- Dataset content
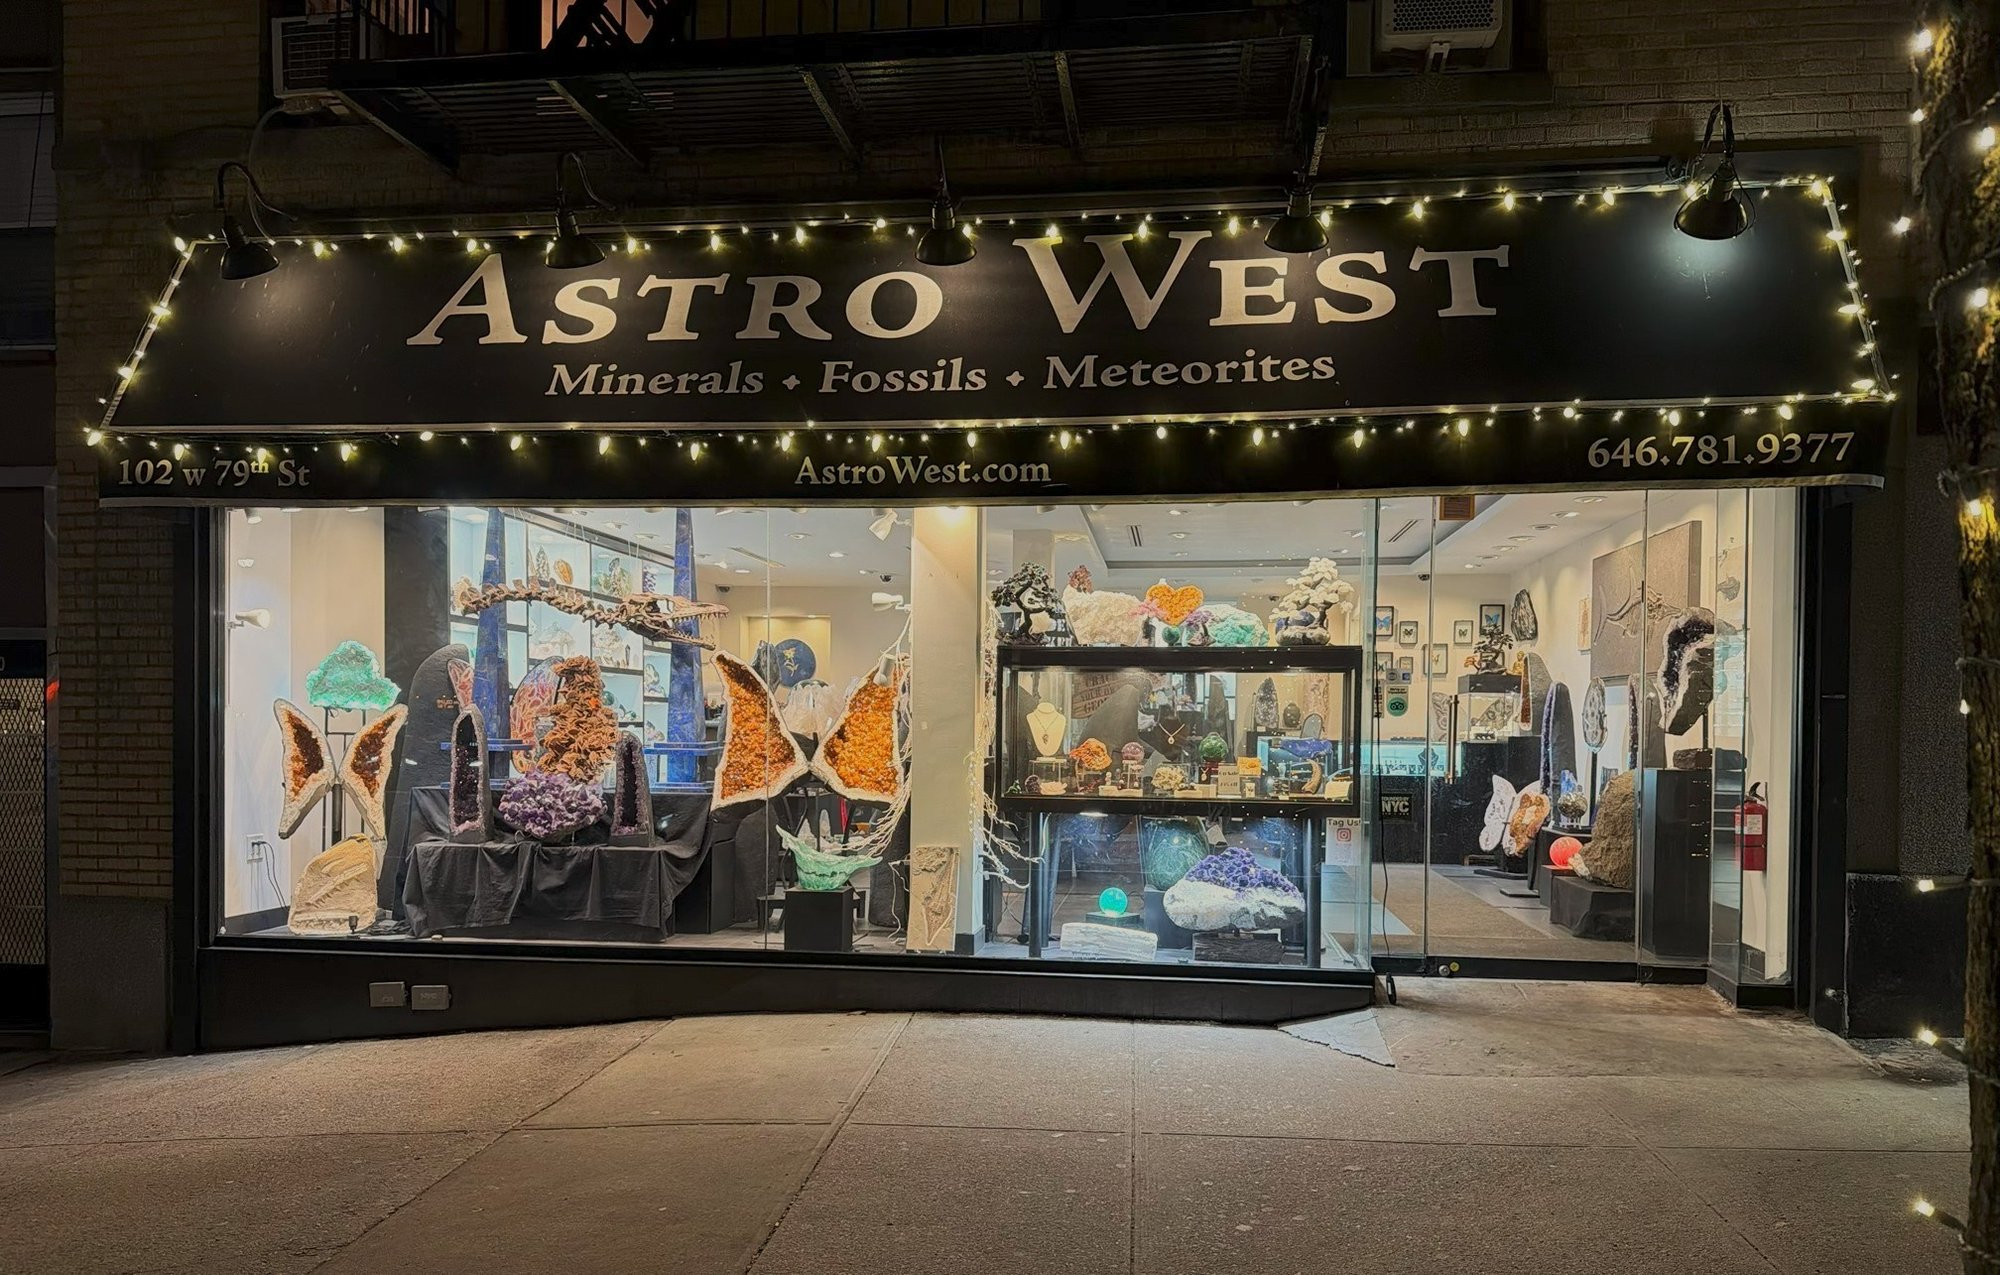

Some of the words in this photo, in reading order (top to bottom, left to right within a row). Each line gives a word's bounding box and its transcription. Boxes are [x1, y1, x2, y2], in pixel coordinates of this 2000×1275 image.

[545, 360, 764, 396] Minerals
[818, 356, 987, 393] Fossils
[1043, 349, 1336, 389] Meteorites
[1587, 431, 1855, 468] 646.781.9377
[118, 458, 174, 485] 102
[182, 467, 206, 486] w
[213, 458, 270, 487] 79th
[276, 458, 311, 487] St
[794, 455, 1053, 485] AstroWest.com
[1381, 800, 1410, 813] NYC
[1327, 818, 1345, 827] Tag
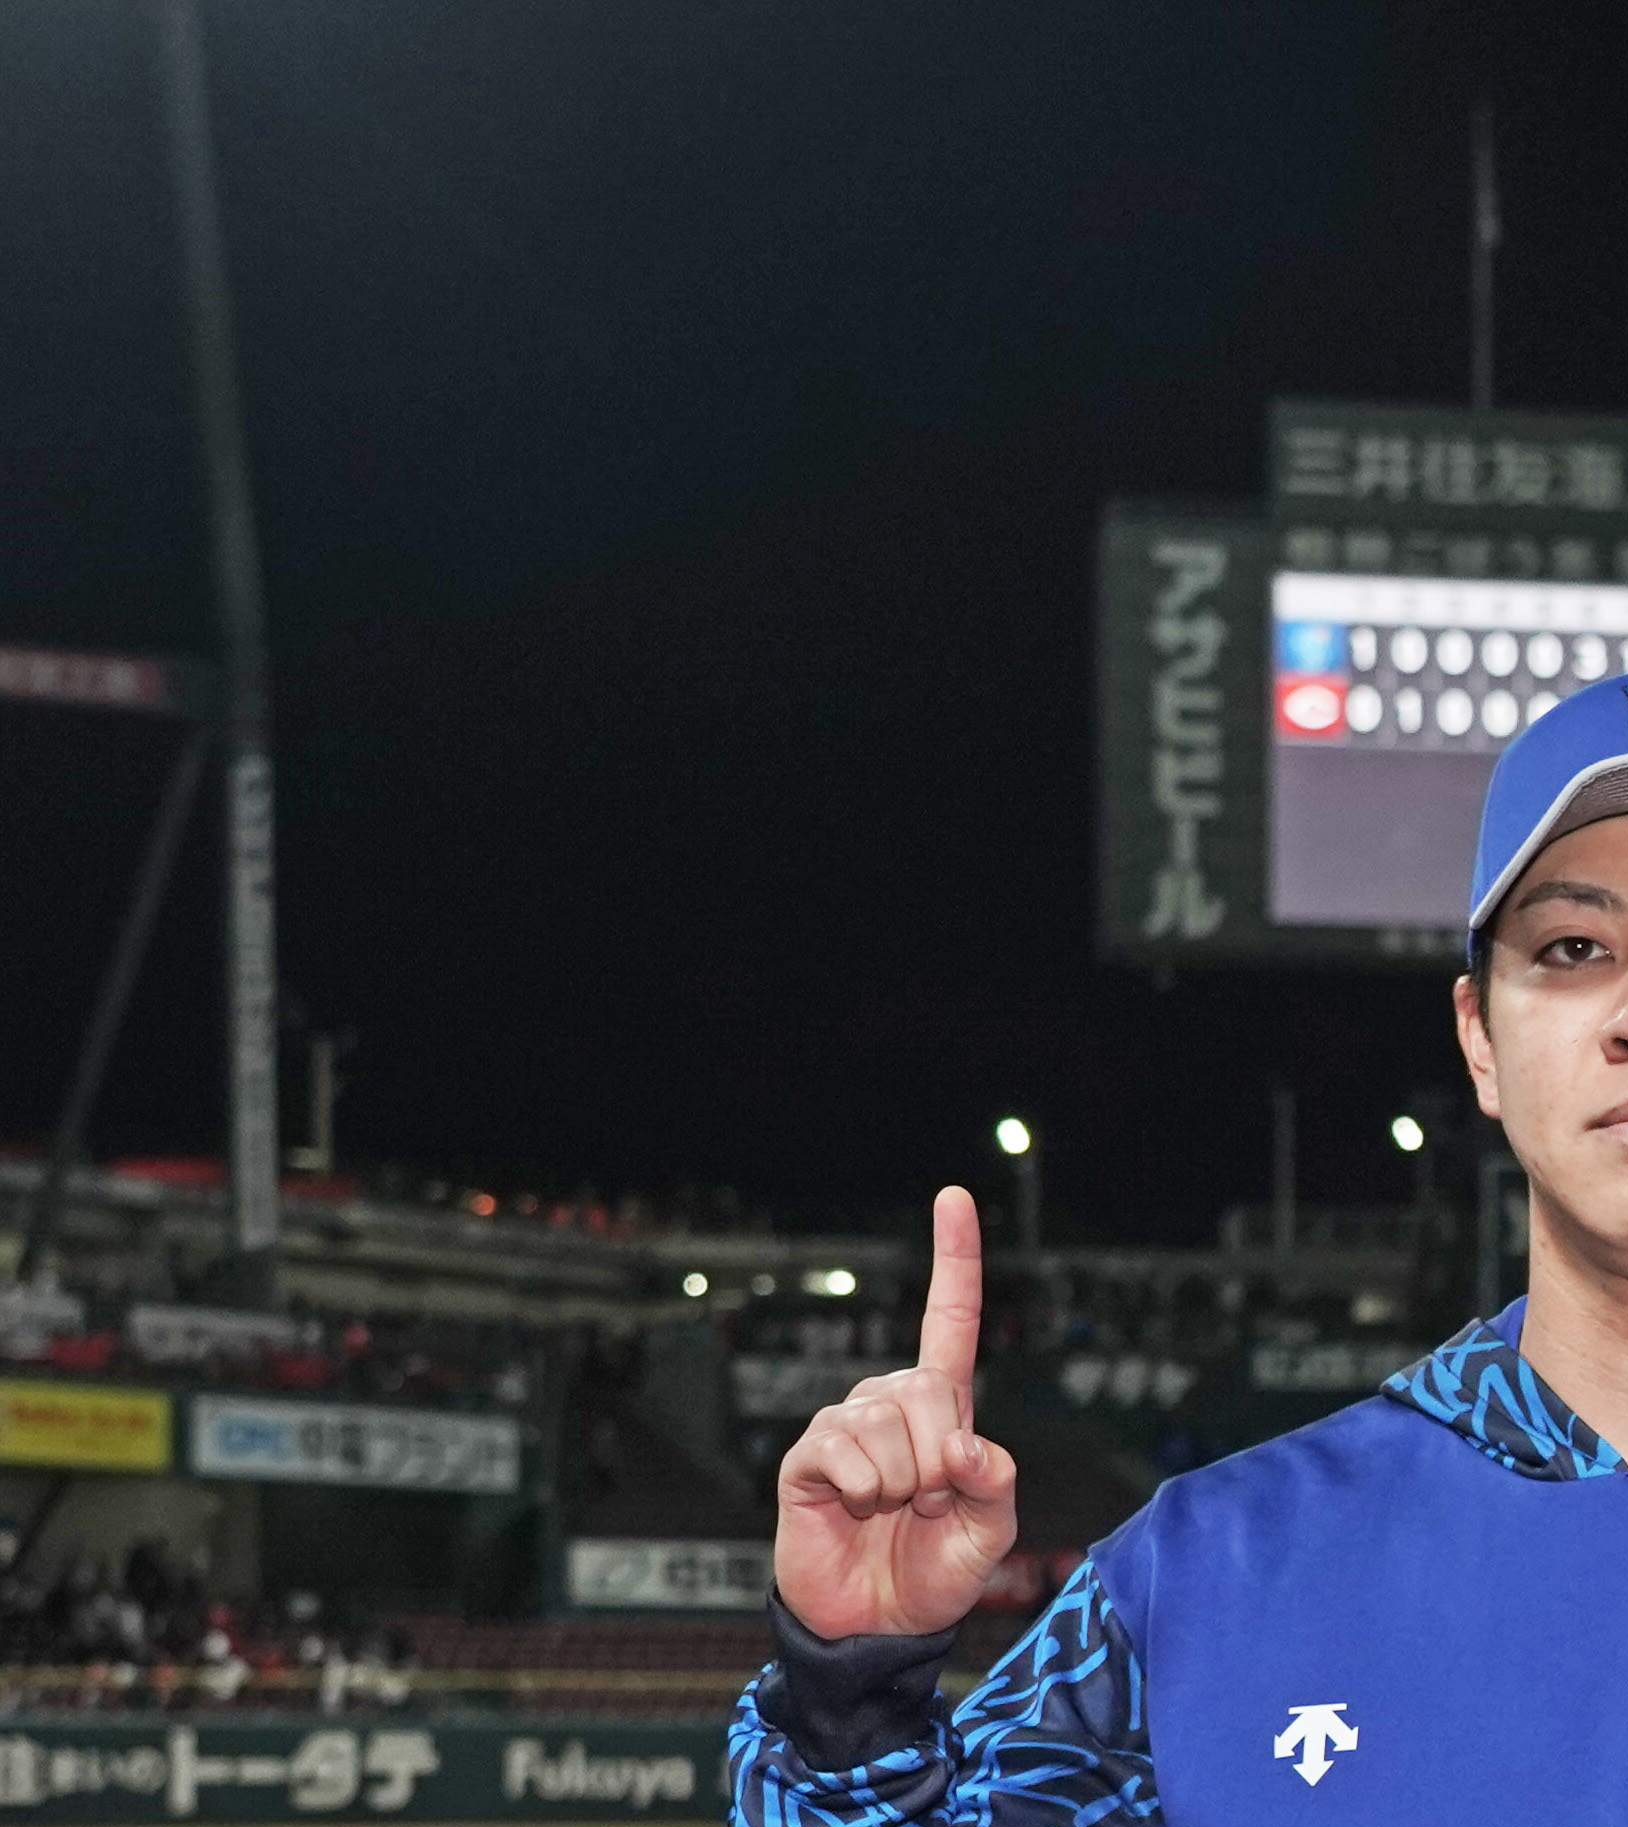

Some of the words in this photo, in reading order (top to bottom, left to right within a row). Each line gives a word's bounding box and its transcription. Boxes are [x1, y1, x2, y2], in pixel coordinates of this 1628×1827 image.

[1144, 540, 1230, 940] アサヒビール
[504, 1737, 696, 1807] Fukuya

- Exercise
Give back the records above exactly, with no pictures.

- Response to this exercise
Some of the words in this photo, in reading order (top to bottom, left to right within a row). Each line gives a word's bounding box and its transcription. Boxes are [x1, y1, x2, y2], in pixel coordinates of this 2000×1275 image.

[545, 360, 764, 396] Minerals
[818, 356, 987, 393] Fossils
[1043, 349, 1336, 389] Meteorites
[1587, 431, 1855, 468] 646.781.9377
[118, 458, 174, 485] 102
[182, 467, 206, 486] w
[213, 458, 270, 487] 79th
[276, 458, 311, 487] St
[794, 455, 1053, 485] AstroWest.com
[1381, 800, 1410, 813] NYC
[1327, 818, 1345, 827] Tag

Some of the words in this photo, in reading order (top to bottom, left to right within a row). Each line gives a word's bounding box and its transcription. Boxes are [x1, y1, x2, y2], in pixel coordinates of this 1628×1827 image.

[1144, 540, 1230, 940] アサヒビール
[504, 1737, 696, 1807] Fukuya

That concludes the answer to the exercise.